Audiência sobre sequestro de Eliza ocorre a portas fechadas

Cinco testemunhas do Ministério Público serão ouvidas; Bruno e Macarrão acompanham depoimentos

Alessandra Mendes, especial para o iG |

Marcada para às 14h desta quinta-feira (26), começou com 45 minutos de atraso a audiência de instrução e julgamento do processo em que o goleiro Bruno Fernandes e seu amigo Luiz Henrique Ferreira Romão, o Macarrão, são acusados pelos crimes de sequestro e lesão corporal contra Eliza Samudio, no Fórum de Jacarepaguá, zona oeste do Rio de Janeiro.

André Ricardo
Viaturas com Bruno e Macarrão entram na garagem subterrânea do fórum
No total, o juiz Marco José Mattos Couto ouvirá cinco testemunhas chamadas pelo Ministério Público. São elas: Milena Baroni Fontana - amiga de Eliza -, Maria Aparecida Mallet - titular da Delegacia de Atendimento à Mulher -, Carlos da Conceição Freitas e Matheus Laguer Dantas - porteiros do prédio “Varanda da Barra”, onde o Bruno morava -, e um jornalista do jornal carioca "Extra". O repórter fez uma gravação mostrando Eliza na porta da delegacia no dia em que prestou queixa.

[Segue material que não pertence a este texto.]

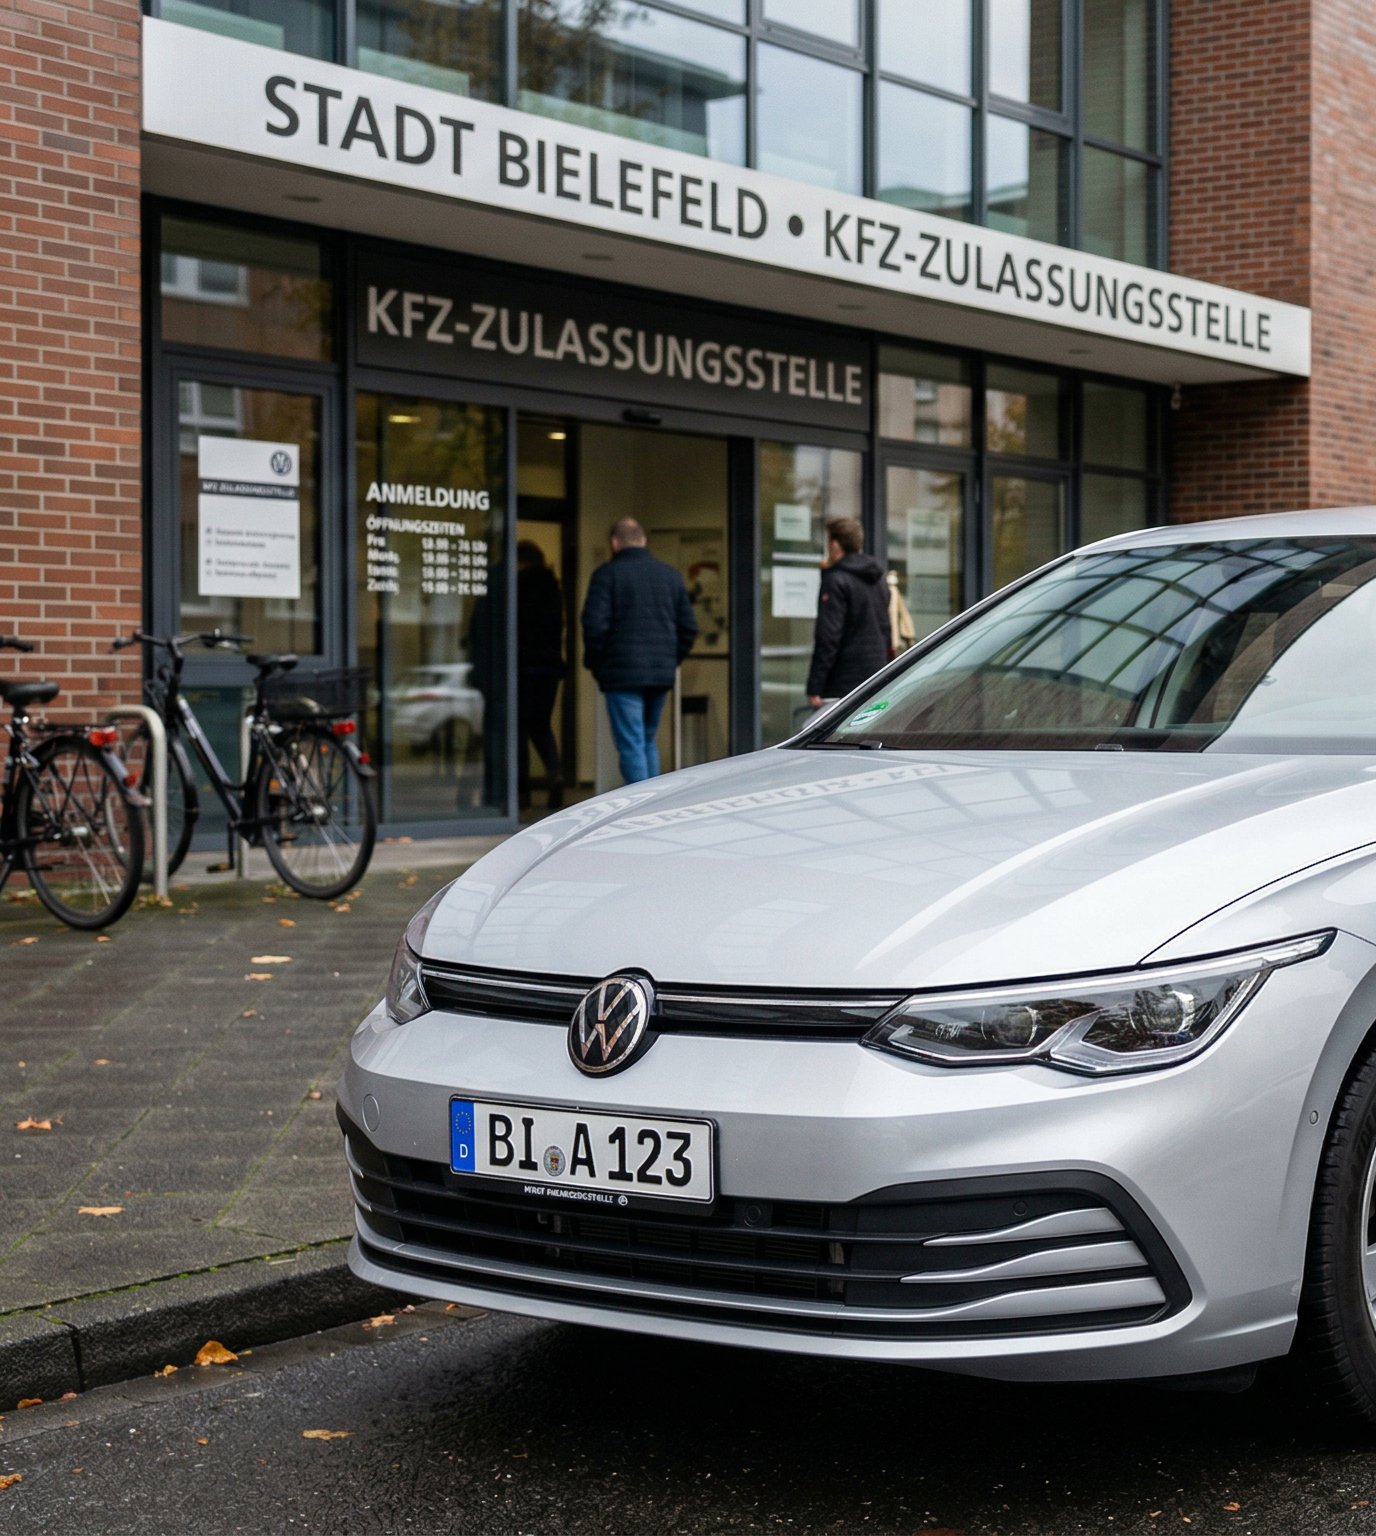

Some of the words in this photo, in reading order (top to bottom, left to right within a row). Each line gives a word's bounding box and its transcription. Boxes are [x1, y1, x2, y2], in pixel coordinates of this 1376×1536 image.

[264, 75, 475, 176] STADT
[499, 128, 769, 240] BIELEFELD
[823, 209, 1272, 353] KFZ-ZULASSUNGSSTELLE
[366, 286, 863, 405] KFZ-ZULASSUNGSSTELLE
[366, 481, 490, 511] ANMELDUNG
[459, 1143, 469, 1159] D
[608, 1126, 693, 1187] 123
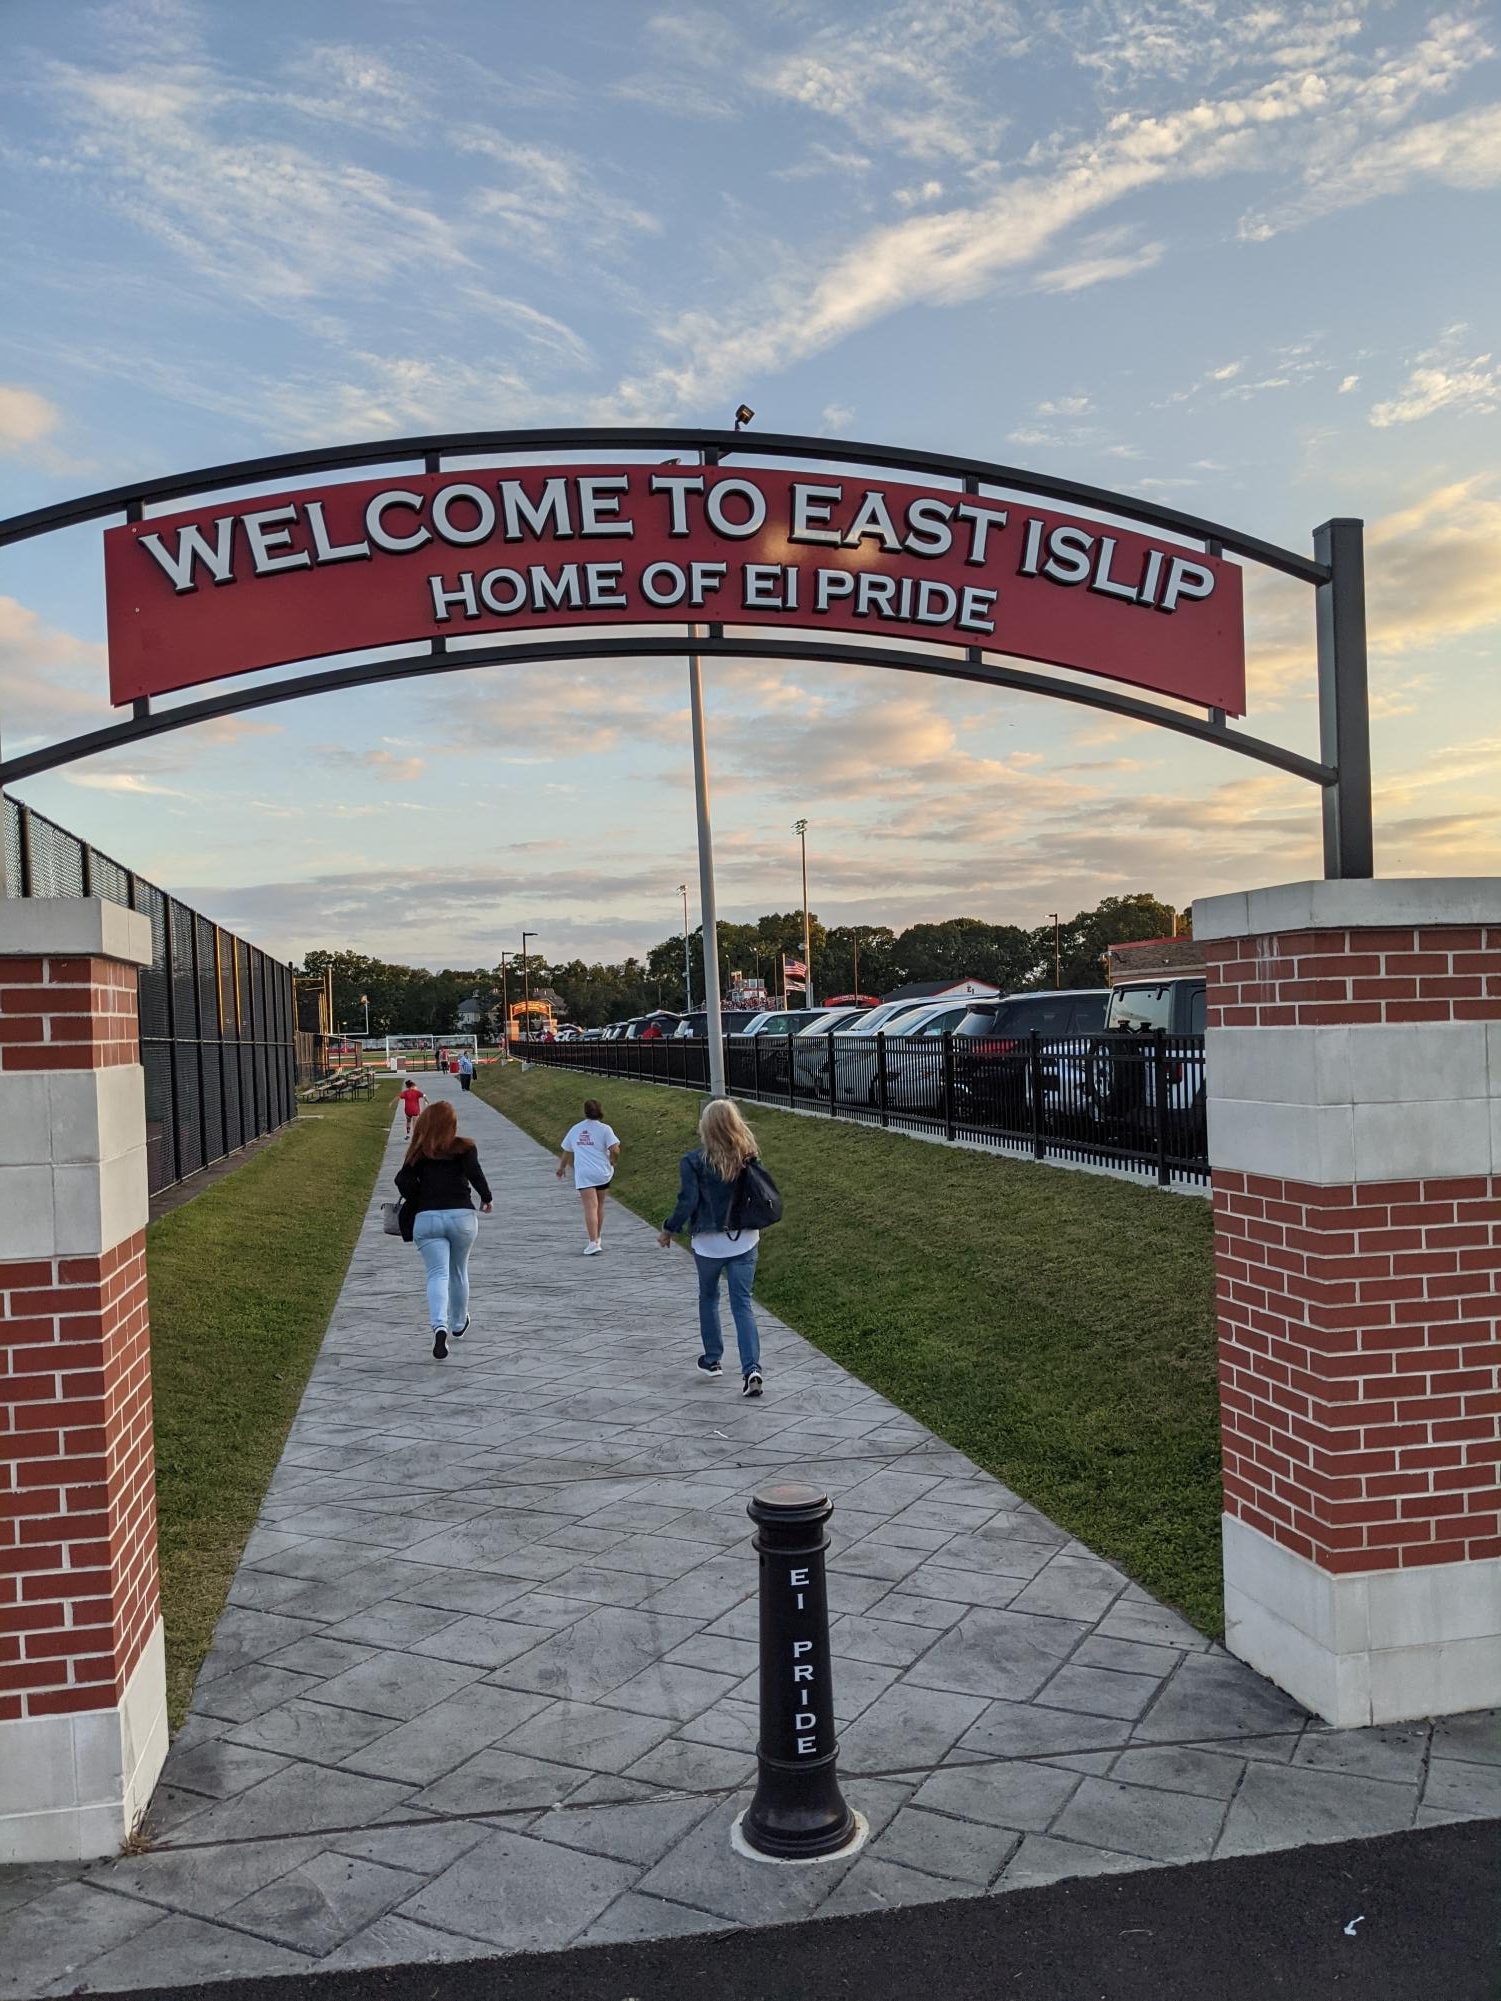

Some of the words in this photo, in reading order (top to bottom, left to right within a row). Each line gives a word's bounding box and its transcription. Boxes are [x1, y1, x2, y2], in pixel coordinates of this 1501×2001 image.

[137, 474, 635, 593] WELCOME
[650, 474, 767, 538] TO
[788, 482, 1008, 566] EAST
[1019, 518, 1216, 612] ISLIP
[428, 560, 628, 622] HOME
[641, 560, 728, 606] OF
[742, 563, 799, 610] EI
[814, 567, 998, 633] PRIDE
[790, 1568, 810, 1610] EI
[793, 1640, 817, 1754] PRIDE

Bruno e Macarrão não prestarão depoimento, mas vão estar presentes em todas as oitivas. As testemunhas de defesa serão interrogadas em outra oportunidade, com data ainda não definida.

Em uma rápida conversa com repórteres antes de entrar na sala de audiência, o advogado de Bruno e Macarrão, Ércio Quaresma, afirmou que não acredita que haja evdências para incriminar seus clientes nos crimes em que são acusados. Já Márcio Carvalho, que também integra a defesa de Bruno, disse que há contradição nos depoimentos das testemunhas.

Bruno e Macarrão chegaram por volta do meio-dia ao fórum , em um comboio composto por três viaturas da Polícia Civil, após passarem no Instituto Médico Legal (IML) para realização de exame de corpo de delito. Os veículos entraram pelo estacionamento subterrâneo, que dá acesso à carceragem do fórum. Muitos curiosos estão no entorno, inclusive torcedores do Flamengo vestindo a camisa que o atleta usava quando atuava no clube rubro-negro.

Os dois devem ficar 30 dias no Complexo Penitenciário de Bangu, zona oeste do Rio, antes de retornar para Minas Gerais. Nesse período, eles irão participar de outras audiências sobre o caso.